▸ **ENTRIES PROVIDED**:
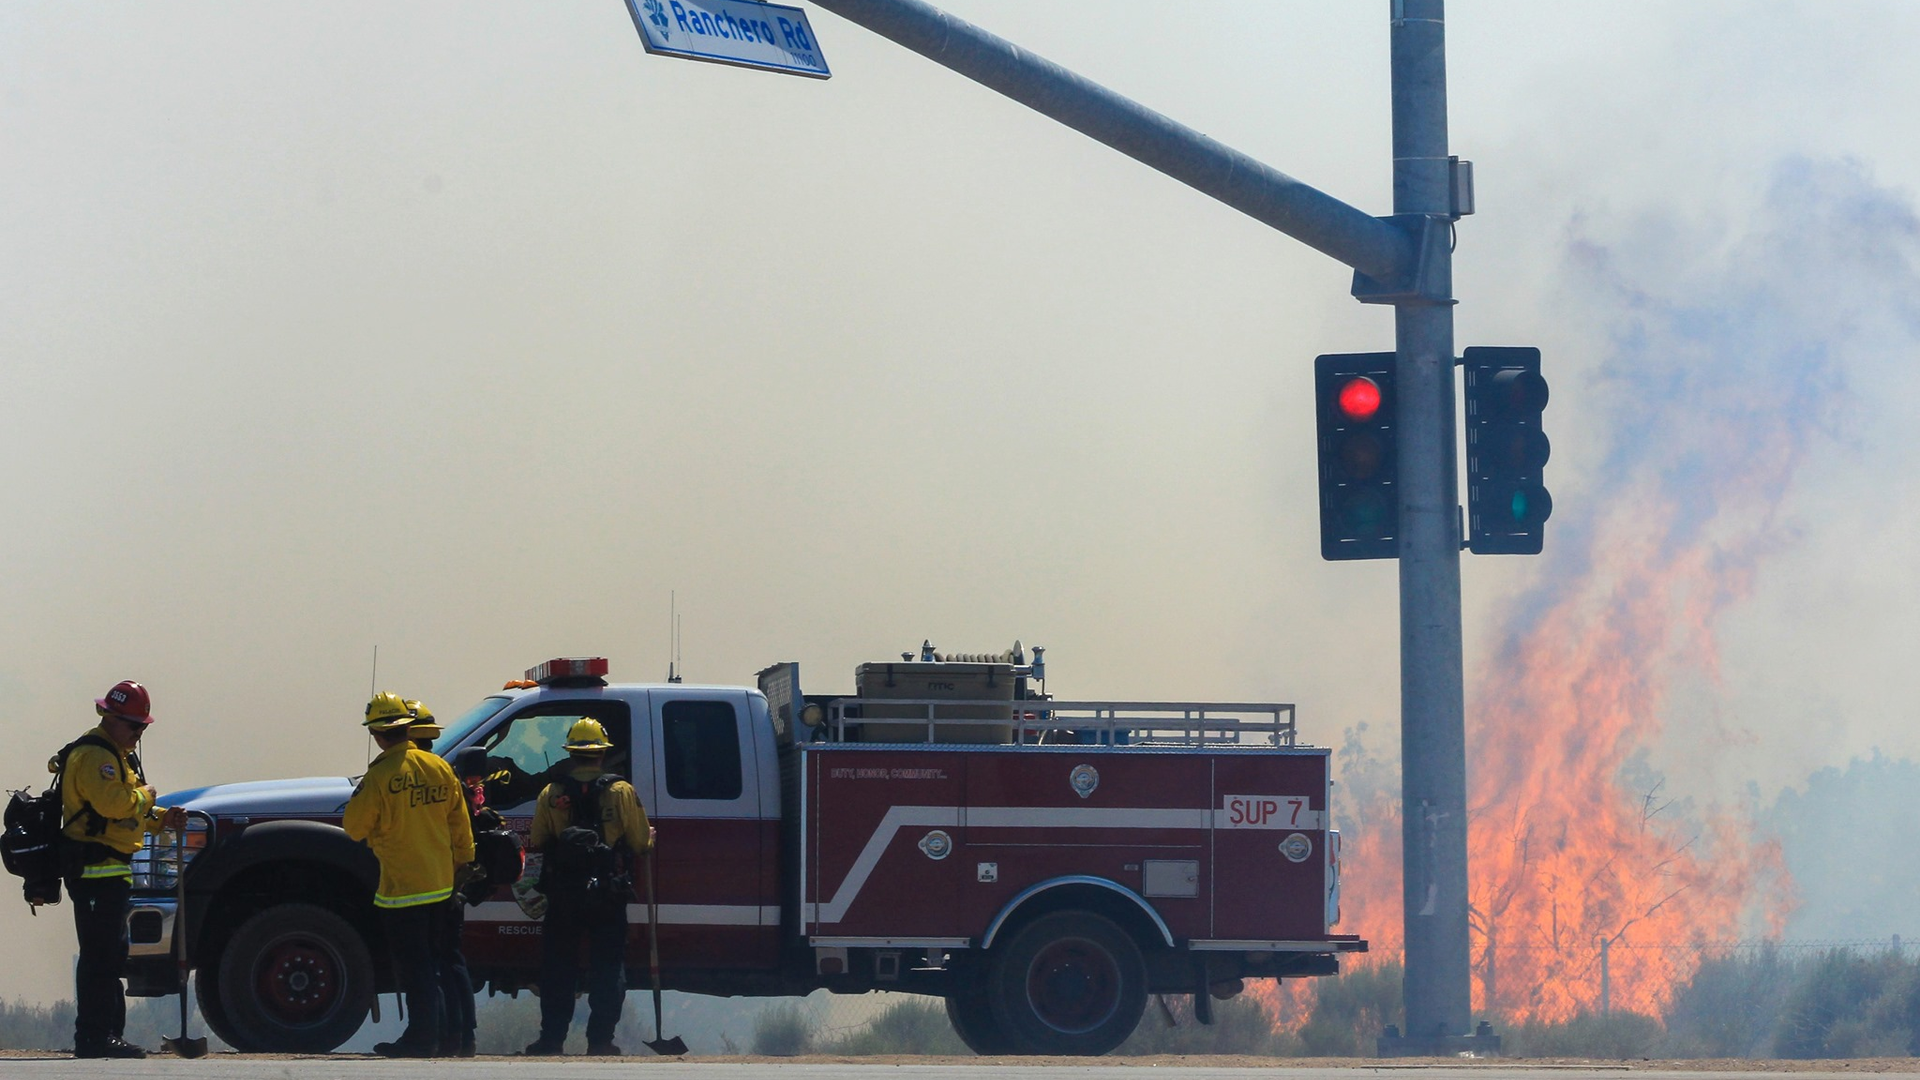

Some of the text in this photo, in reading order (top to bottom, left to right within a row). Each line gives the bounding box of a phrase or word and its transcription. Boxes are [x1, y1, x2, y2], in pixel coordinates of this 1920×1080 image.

[669, 0, 812, 51] Ranchero Rd
[388, 770, 426, 794] CAL
[831, 767, 855, 780] DUTY,
[856, 767, 890, 780] HONOR,
[410, 784, 448, 807] FIRE
[1229, 799, 1303, 825] SUP 7
[498, 925, 543, 935] RESCUE
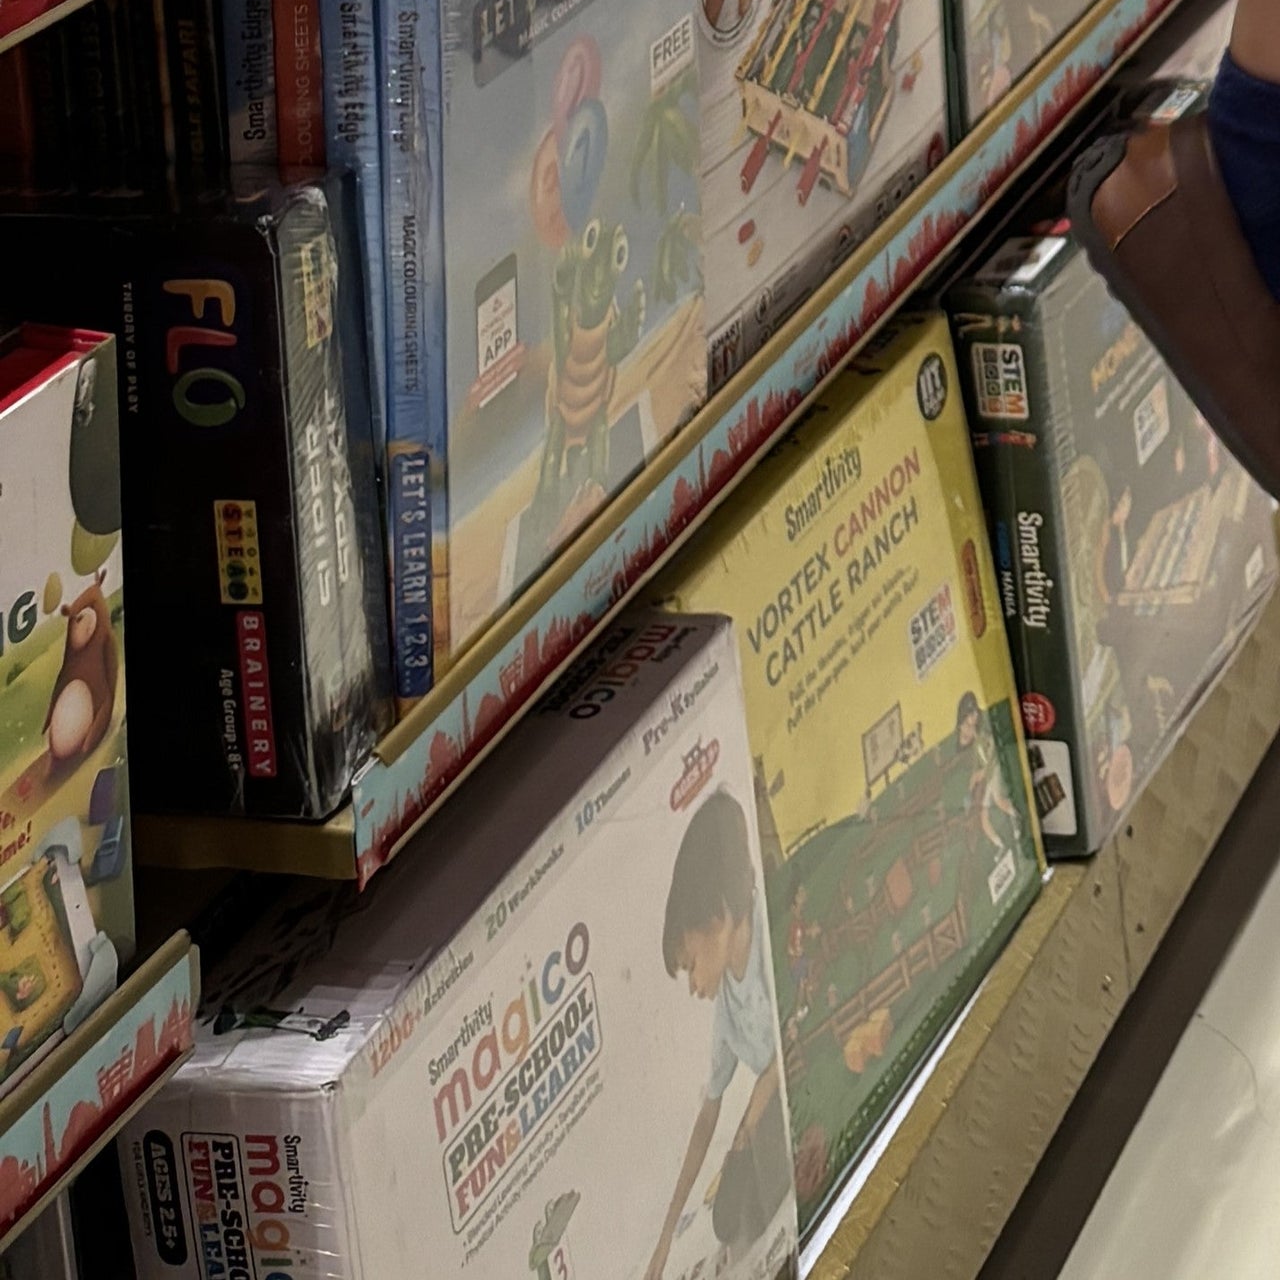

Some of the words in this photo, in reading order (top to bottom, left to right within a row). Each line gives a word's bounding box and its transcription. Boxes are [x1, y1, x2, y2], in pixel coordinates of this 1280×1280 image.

[650, 17, 692, 68] FREE
[162, 278, 247, 428] FLO
[1001, 346, 1026, 417] STEM
[400, 453, 429, 524] LET'S
[783, 445, 863, 543] Smartivity
[400, 530, 428, 605] LEARN
[745, 542, 831, 656] VORTEX
[832, 447, 922, 559] CANNON
[764, 578, 843, 688] CATTLE
[847, 496, 920, 597] RANCH
[1016, 511, 1049, 629] Smartivity
[240, 613, 274, 775] BRAINERY
[427, 994, 494, 1087] Smartivity
[432, 922, 591, 1144] magico
[447, 986, 595, 1186] PRE-SCHOOL
[283, 1134, 309, 1214] Smartivity
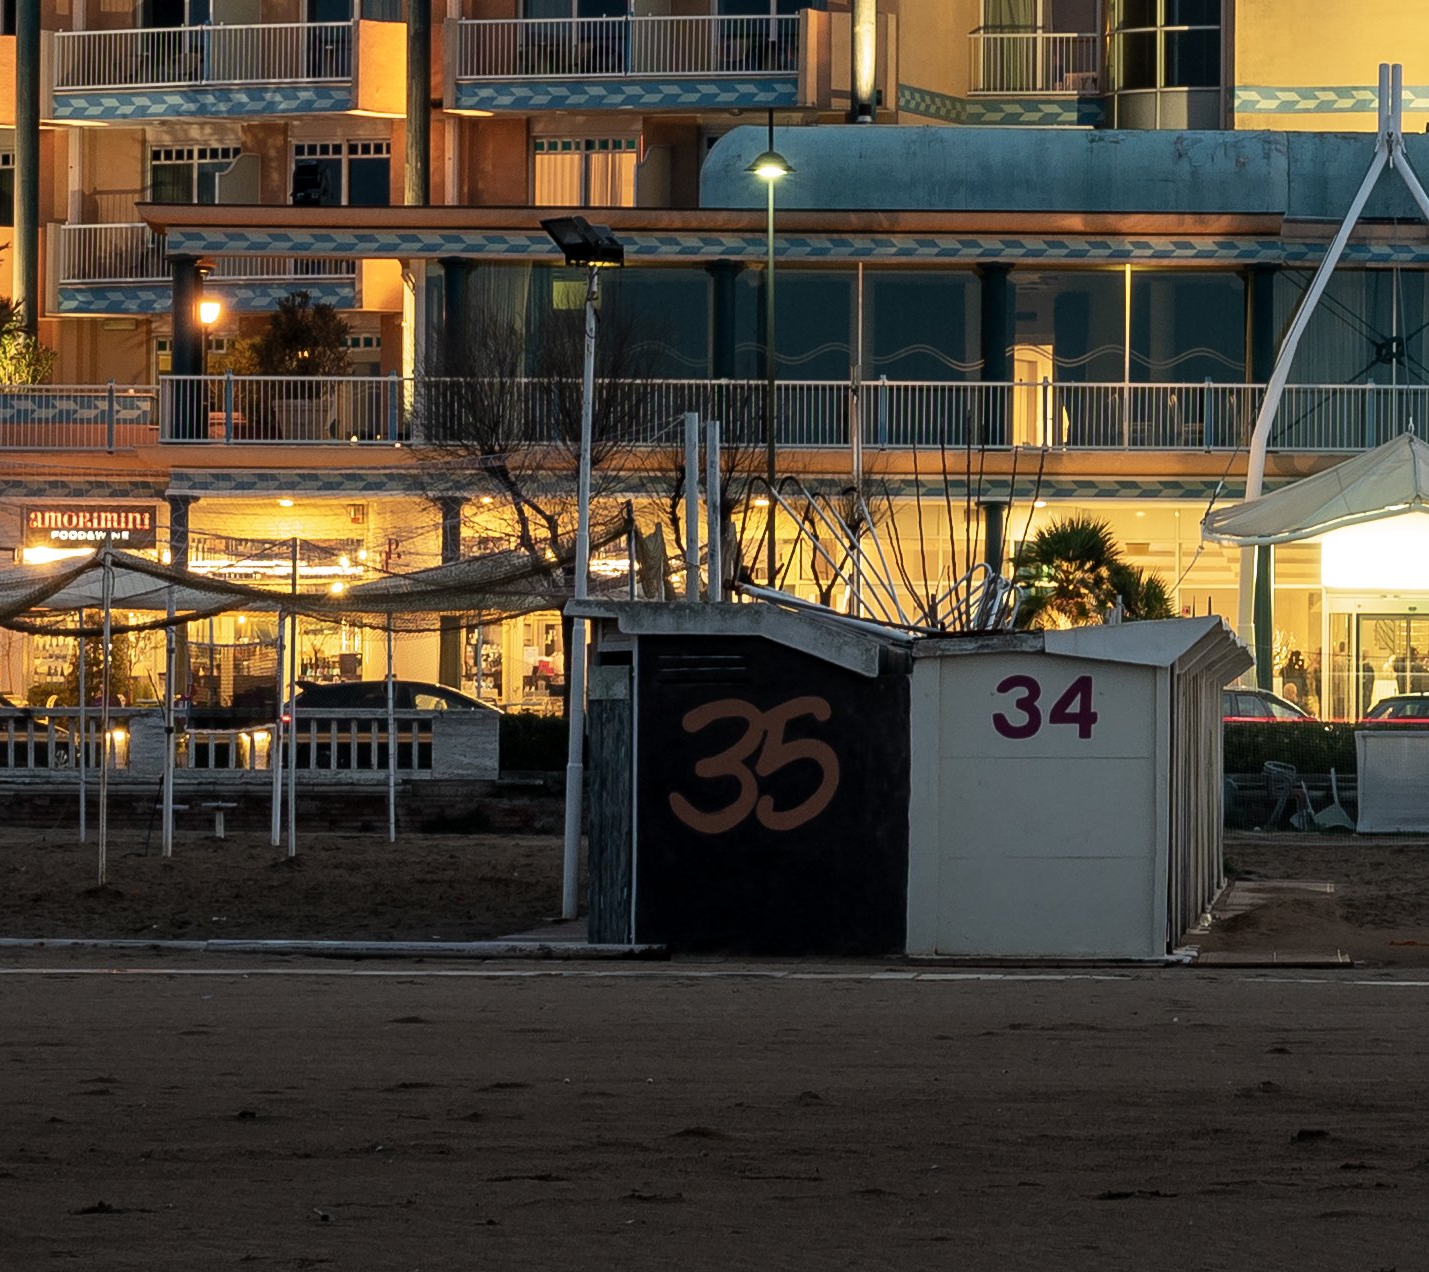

▸ **WHAT IS EXPECTED**: All entries above should be printed exactly, though without their pictures.

▸ **RESULT OF THIS EXERCISE**:
Some of the text in this photo, in reading order (top to bottom, left to right within a row). Each line gives the bounding box of a phrase or word and its transcription. Boxes are [x1, y1, x2, y2], in pixel coordinates of this 1920×1080 image.

[669, 0, 812, 51] Ranchero Rd
[388, 770, 426, 794] CAL
[831, 767, 855, 780] DUTY,
[856, 767, 890, 780] HONOR,
[410, 784, 448, 807] FIRE
[1229, 799, 1303, 825] SUP 7
[498, 925, 543, 935] RESCUE

Some of the words in this photo, in reading order (top to bottom, left to right within a row). Each line gives a word's bounding box and its transcription. Boxes are [x1, y1, x2, y2], in pixel coordinates of this 1280×1280 image.

[650, 17, 692, 68] FREE
[162, 278, 247, 428] FLO
[1001, 346, 1026, 417] STEM
[400, 453, 429, 524] LET'S
[783, 445, 863, 543] Smartivity
[400, 530, 428, 605] LEARN
[745, 542, 831, 656] VORTEX
[832, 447, 922, 559] CANNON
[764, 578, 843, 688] CATTLE
[847, 496, 920, 597] RANCH
[1016, 511, 1049, 629] Smartivity
[240, 613, 274, 775] BRAINERY
[427, 994, 494, 1087] Smartivity
[432, 922, 591, 1144] magico
[447, 986, 595, 1186] PRE-SCHOOL
[283, 1134, 309, 1214] Smartivity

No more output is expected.